Wednesday, June 24, 2009

yesterday

so yesterday i got diagnosed with ms and then my parents took me shopping.  and out to a fun pub dinner where i had a couple of much needed beers and a marinated portobello cap sandwich and fries.

i feel fine with the diagnosis, esp since the doctor was very positive and said that i have a mild case that's still in the early stages.  with medication, it should be really treatable and i may only have flare ups once every few years.  thank effing all that is good in the world for advancement in pharmaceuticals, seriously.  i know it's not a popular stance, but i don't motherfucking care.  if someone got diagnosed with ms twenty years ago, they would not have had the chances at a healthy active life the way i do now.  i saw my neighbor who had ms deteriorate to the point that she could barely make it to her mailbox and back to the front door and she was only in her early forties.  fuck that, my friends.  i would like to pay and pay and pay and hope that someone is making assloads of money so that i can play tennis until i'm 80.  

i hope that someone is richer than the stars for giving me the sense of hope i have now.  because without these meds, i might be facing near-blindness, use of cane or wheelchair, frickin numbness and weakness in all my body parts and all sorts of other crap body functioning.

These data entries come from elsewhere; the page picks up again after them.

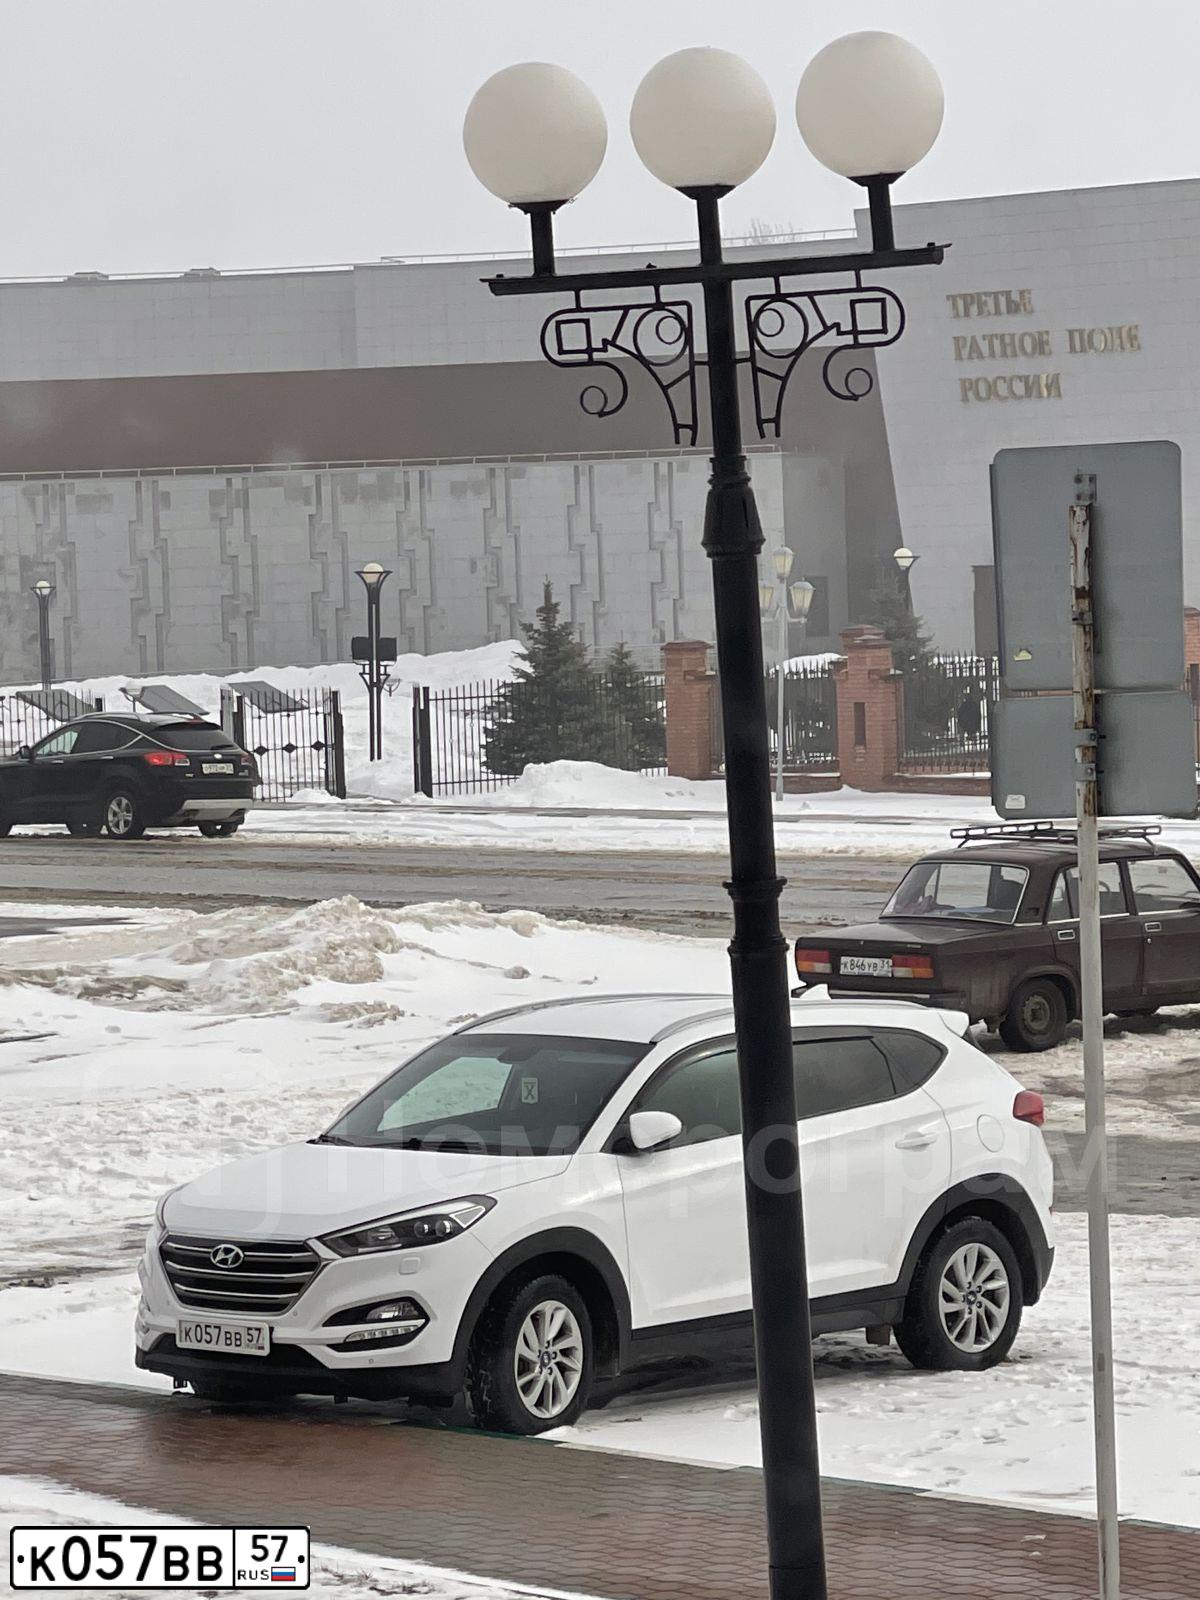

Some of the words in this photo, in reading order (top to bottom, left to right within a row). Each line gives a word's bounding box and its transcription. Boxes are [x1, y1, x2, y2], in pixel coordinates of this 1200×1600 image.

[946, 289, 1034, 319] ТРЕТЬЕ
[953, 330, 1052, 361] РАТНОЕ
[1066, 325, 1142, 354] ПОЛЕ
[959, 373, 1062, 402] РОССИИ
[184, 1324, 242, 1347] К057ВВ
[246, 1328, 262, 1343] 57

glad the parents were here and that pretty baby is here to help me feel normal, loved, and spoiled.  m&d bought be two dresses at anthro, some glassware at crate and barrel, and then stocked my fridge at trader joes.  today we went for a really awesome hike at turkey run state park which featured a mini waterfall, cool rock canyon things, a big flowy creek and maje humidity.  but my quads are sore and i feel tired in that healthy active way that is the best kind of tired.

dinner at bistro with blackened salmon, cocktails, wine, champers and dessert didn't hurt either.  i am gonna miss them like crazy when they leave tomorrow.  i might cry now just thinking abt it.  i LOVE my family and have so much fun with them and i hate that we can't see each other as often as we like.  i have got daydreams of big weekly sunday dinners on a patio somewhere warm with noise and music and the loving bickering that happens naturally when people are super close and honestopen with each other, the teasing, the laughing, the midnight pizza run the late night tv watching.

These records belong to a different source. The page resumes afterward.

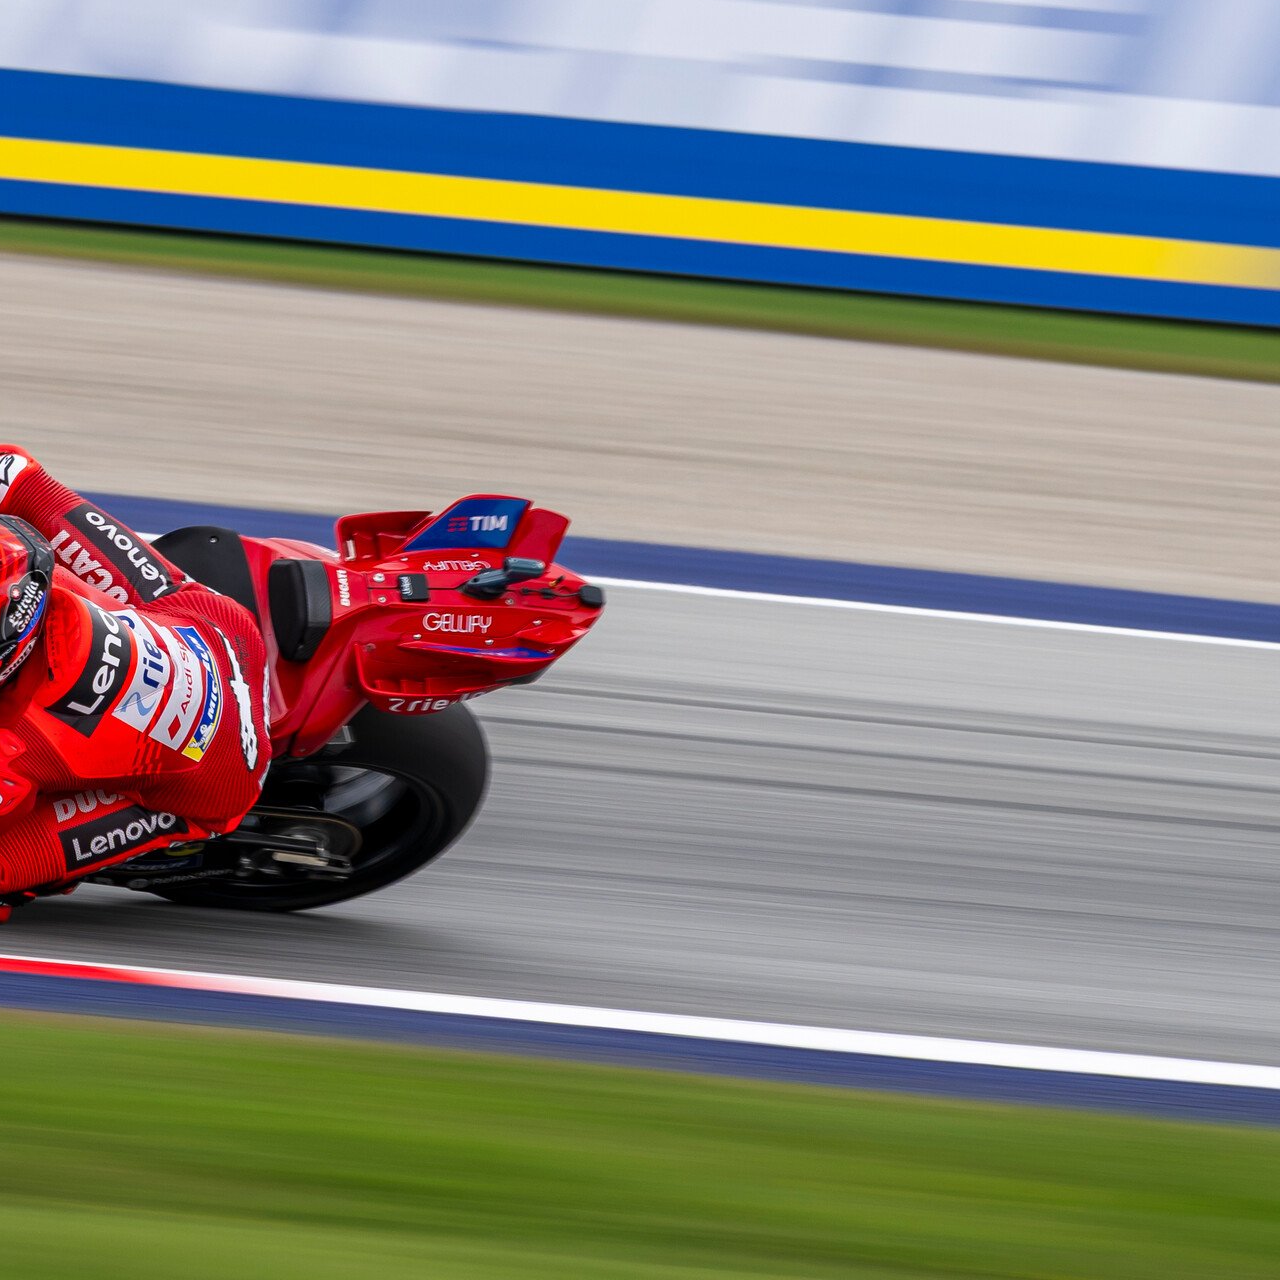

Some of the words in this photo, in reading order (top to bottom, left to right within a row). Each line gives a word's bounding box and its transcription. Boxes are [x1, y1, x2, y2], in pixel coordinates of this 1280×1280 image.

[470, 515, 508, 531] TIM
[50, 529, 134, 608] UCATI
[85, 511, 170, 598] Lenovo
[9, 581, 40, 627] Estrella
[336, 569, 350, 607] DUCATI
[67, 608, 122, 715] Leno
[181, 668, 196, 714] Audi
[72, 811, 176, 861] Lenovo

anyway, i feel good abt where i am in my life and i feel capable of dealing with whatever comes my way.  i know i have bad habits that i need to fix and i'm not always the person i want to be.  but i know i can fix my problems and i know even how i can be exactly who i want to be. 

overall, there is so much goodness and light that i can't even feel bad abt the diagnosis.

1 comment:

Katie said...

I'll never forget coming home one afternoon to ambulances in the court and Mrs. R being wheeled out on a stretcher. Scared the bejeezuz outta me!

I'm sorry to hear about your diagnosis, but I too, am all for the advancement of pharmecuticals and medical science! They have kept my sister alive!